▶ Material shown:
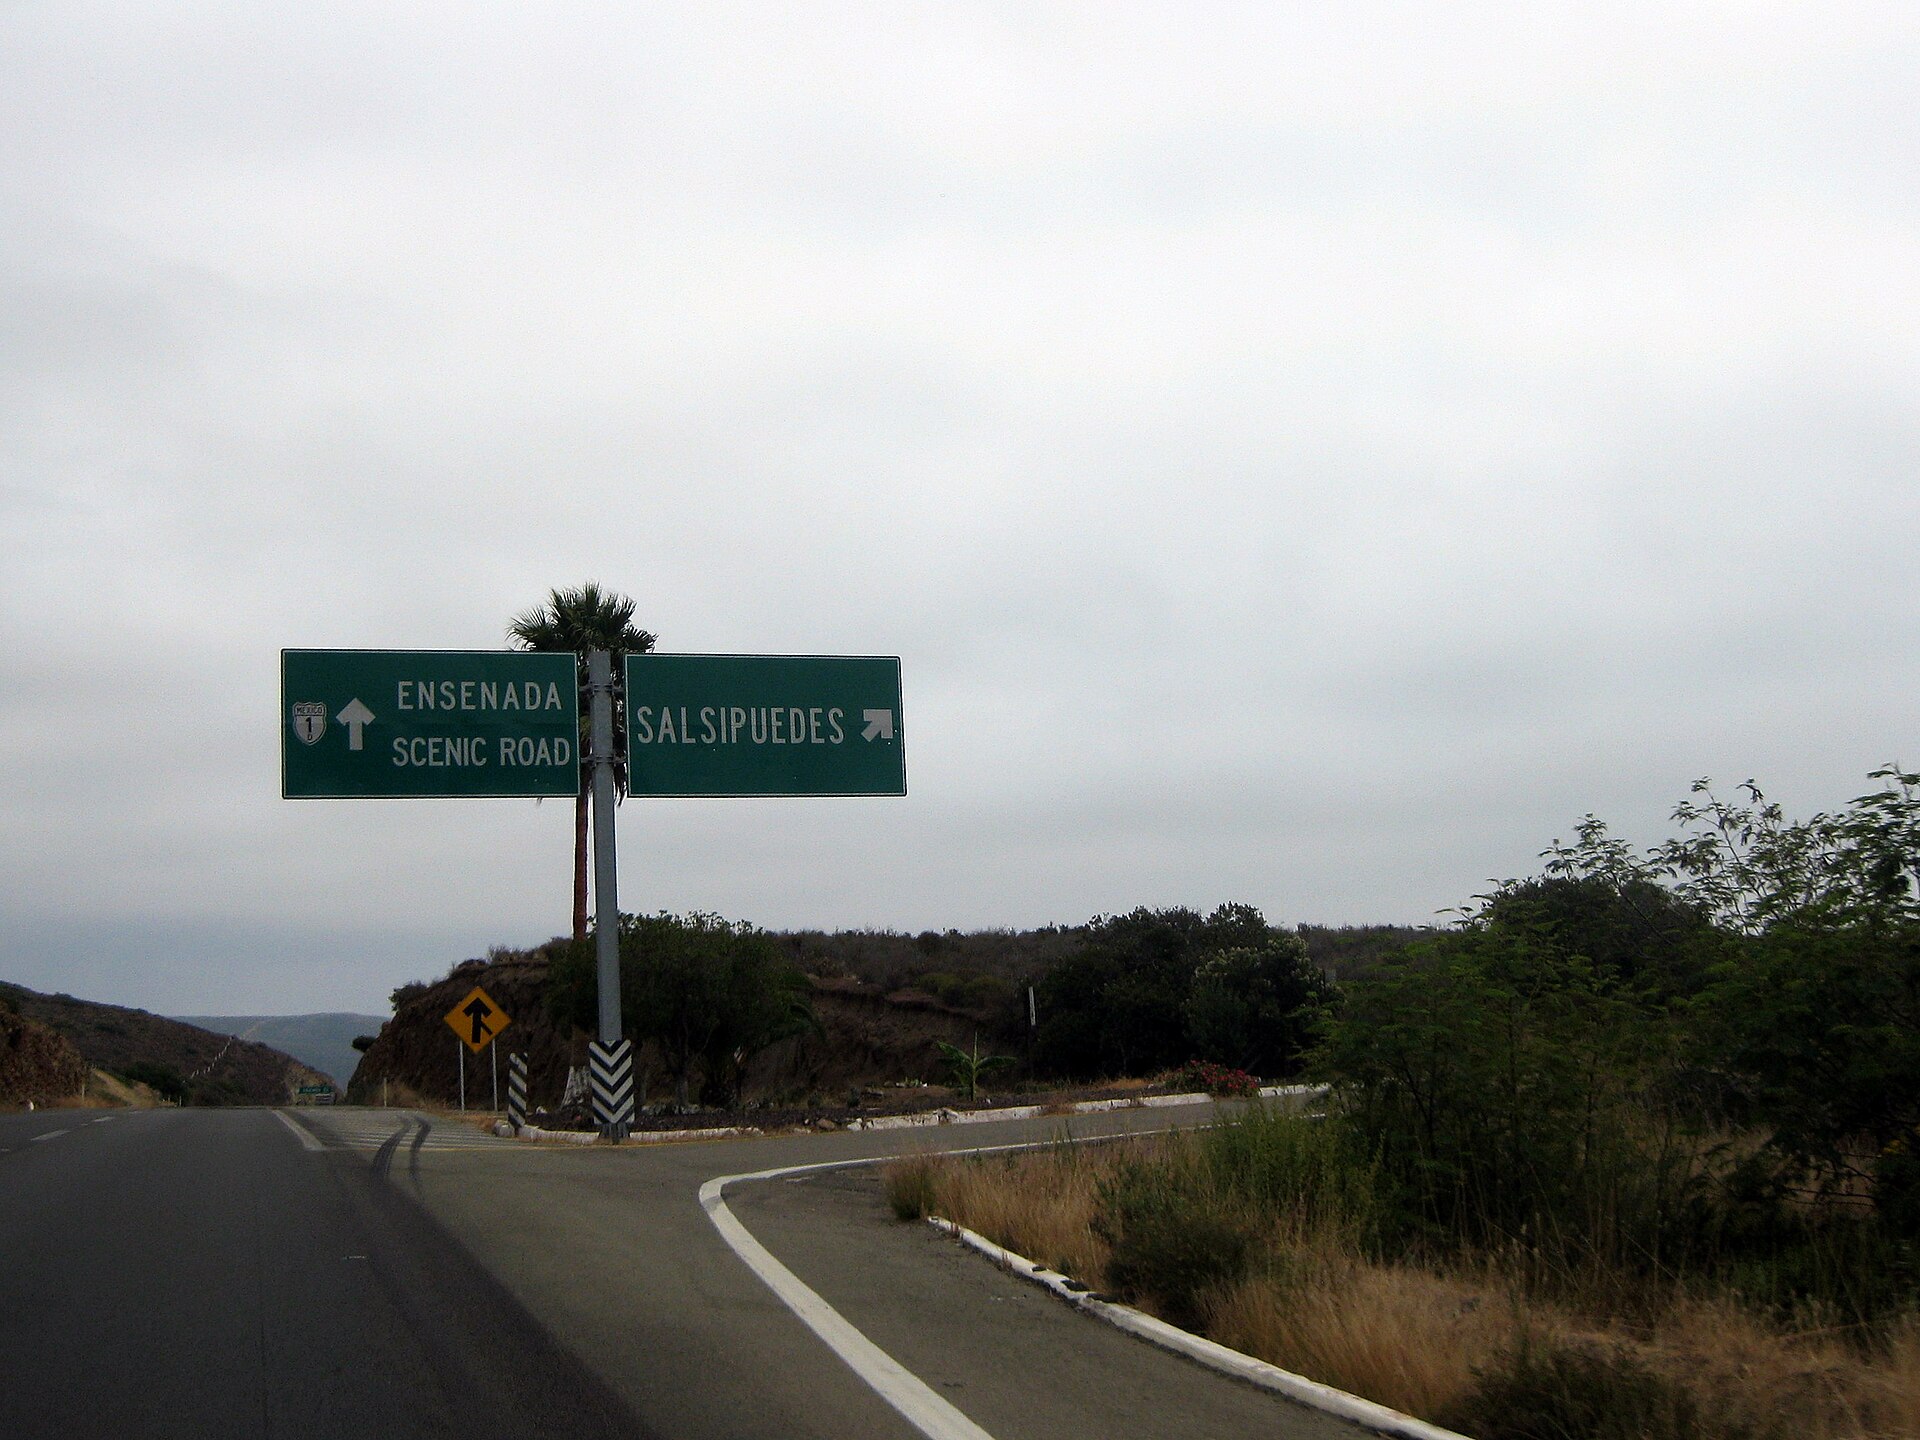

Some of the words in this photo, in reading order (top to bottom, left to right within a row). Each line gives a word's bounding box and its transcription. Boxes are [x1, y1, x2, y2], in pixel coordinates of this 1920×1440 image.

[397, 681, 563, 711] ENSENADA
[305, 717, 312, 732] 1
[636, 706, 845, 744] SALSIPUEDES
[393, 737, 487, 767] SCENIC
[501, 738, 571, 767] ROAD

▶ Work instructions:
Without including any picture, copy the listing above exactly and in full.

▶ Solution for this problem:
Some of the words in this photo, in reading order (top to bottom, left to right within a row). Each line gives a word's bounding box and its transcription. Boxes are [x1, y1, x2, y2], in pixel coordinates of this 1920×1440 image.

[397, 681, 563, 711] ENSENADA
[305, 717, 312, 732] 1
[636, 706, 845, 744] SALSIPUEDES
[393, 737, 487, 767] SCENIC
[501, 738, 571, 767] ROAD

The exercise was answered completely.